In any parallelogram, the diagonals bisect each other. This means: $AP = PD \quad \text{and} \quad BP = PC$

1. Length of $AD$:

Since the diagonals bisect each other, we know: $AB = AD$ From the figure: $AB = 19 \, \text{in}$ Thus, $AD = 19 \, \text{in}$

2. Length of $AP$:

We know that diagonals are bisected, meaning: $AP = PD$ Also, the total length of diagonal $AD$ is 19 inches.

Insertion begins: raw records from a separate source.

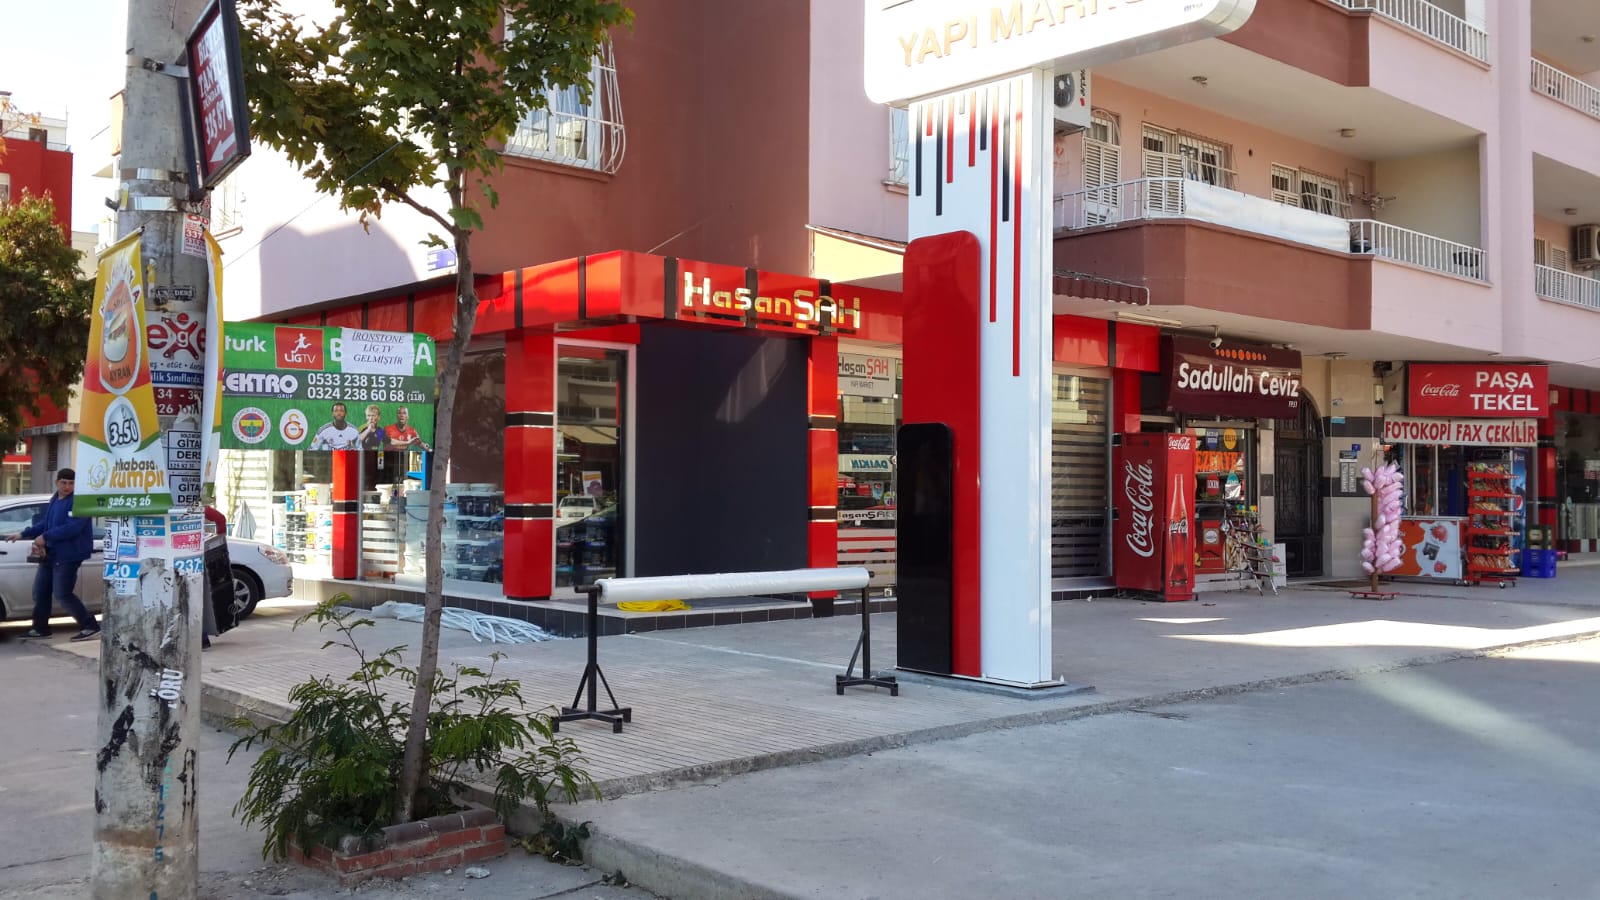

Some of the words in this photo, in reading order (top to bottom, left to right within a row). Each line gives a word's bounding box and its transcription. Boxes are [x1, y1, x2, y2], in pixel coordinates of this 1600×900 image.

[898, 15, 978, 67] YAPI
[308, 373, 341, 386] 0533
[344, 375, 368, 387] 238
[371, 376, 386, 388] 15
[389, 377, 404, 388] 37
[1178, 363, 1254, 393] Sadullah
[1259, 371, 1299, 397] Ceviz
[1475, 371, 1534, 393] PAŞA
[307, 387, 341, 400] 0324
[344, 389, 368, 401] 238
[371, 390, 387, 401] 60
[390, 391, 405, 402] 68
[1470, 394, 1540, 411] TEKEL
[109, 418, 139, 447] 3.50
[1385, 419, 1451, 440] FOTOKOPİ
[1456, 423, 1483, 442] FAX
[1485, 421, 1537, 444] ÇEKİLİR
[177, 438, 201, 448] GİTA
[108, 494, 125, 508] 326
[125, 495, 137, 506] 25
[139, 494, 151, 506] 26
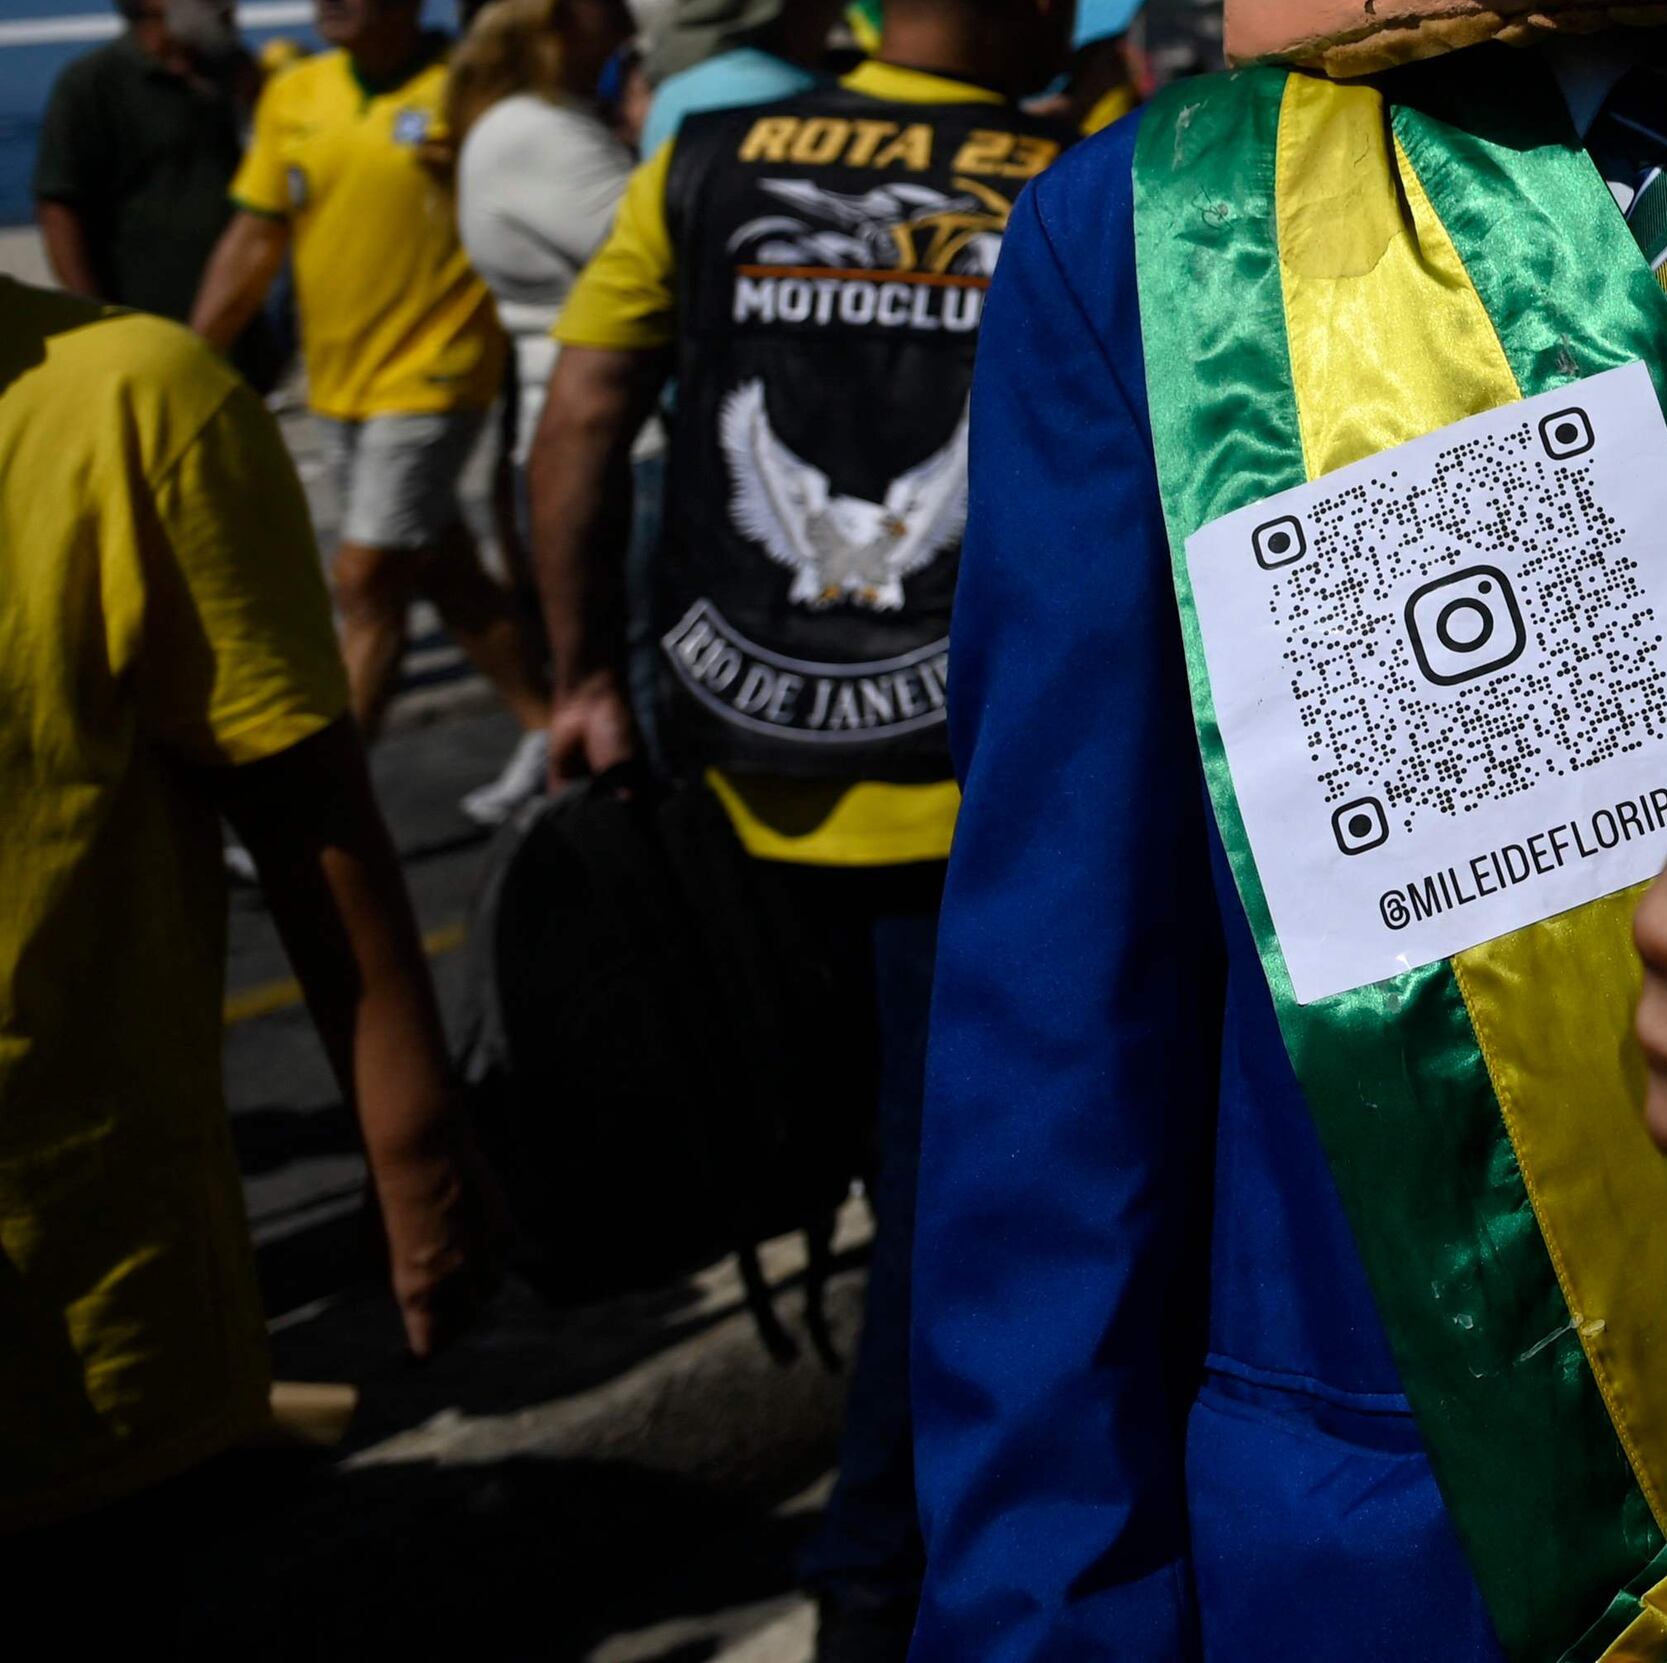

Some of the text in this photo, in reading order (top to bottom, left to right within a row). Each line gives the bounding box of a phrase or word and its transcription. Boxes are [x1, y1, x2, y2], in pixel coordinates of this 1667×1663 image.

[738, 116, 1060, 178] ROTA 23
[733, 276, 984, 332] MOTOCLU
[678, 620, 948, 729] RIO DE JANEI
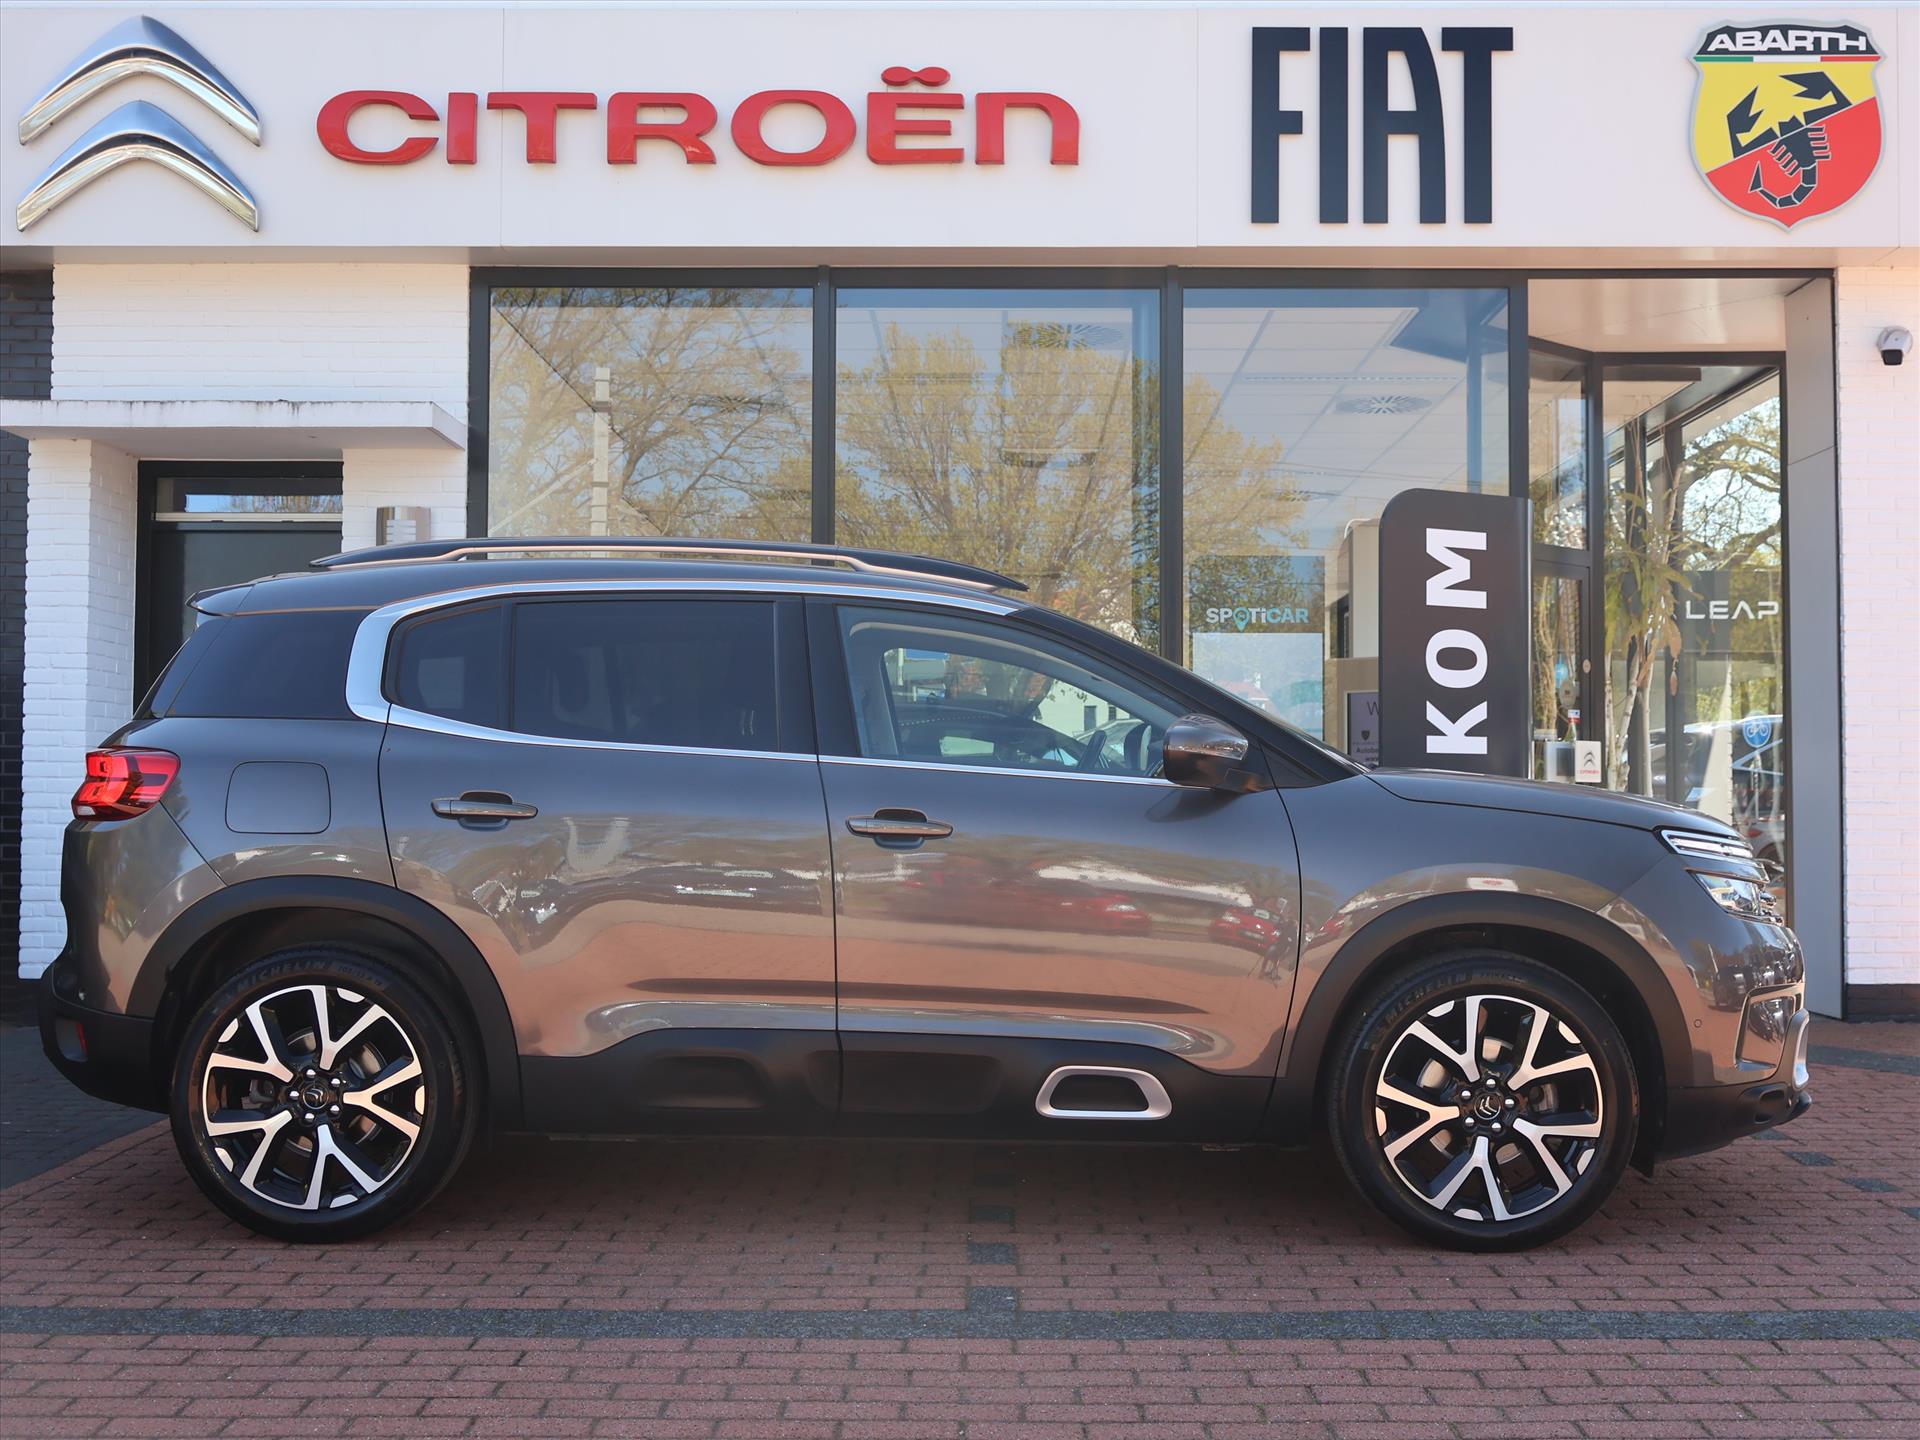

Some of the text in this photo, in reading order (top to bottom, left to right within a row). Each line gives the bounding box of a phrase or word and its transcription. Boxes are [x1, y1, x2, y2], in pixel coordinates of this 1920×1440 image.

So: $AP = \frac{AD}{2} = \frac{19}{2} = 9.5 \, \text{in}$

3. Length of $CD$:

Since opposite sides of a parallelogram are equal, we have: $CD = AB = 19 \, \text{in}$

4. Length of $BD$:

We can find the length of diagonal $BD$ by adding up the given lengths of its segments: $BD = BP + PD = BP + AP$ From the figure, we have: $BP = 16 \, \text{in}, \quad AP = 9.5 \, \text{in}$ Thus: $BD = 16 + 9.5 = 25.5 \, \text{in}$

Final Answers:

• $AD = 19 \, \text{in}$
• $AP = 9.5 \, \text{in}$
• $CD = 19 \, \text{in}$
• $BD = 25.5 \, \text{in}$

Would you like further clarification or details on any of the steps? Here are some related questions to deepen your understanding:

1. How do diagonals of a parallelogram generally behave in terms of symmetry?
2. What other properties can be derived from the intersection of diagonals in a parallelogram?
3. How does the relationship between opposite sides in a parallelogram help in solving for other unknowns?
4. What methods would you use to calculate the area of this parallelogram?
5. Can we apply this method of bisecting diagonals to other quadrilaterals?

Tip: Always remember that the diagonals of a parallelogram bisect each other, which is a key property when solving such problems.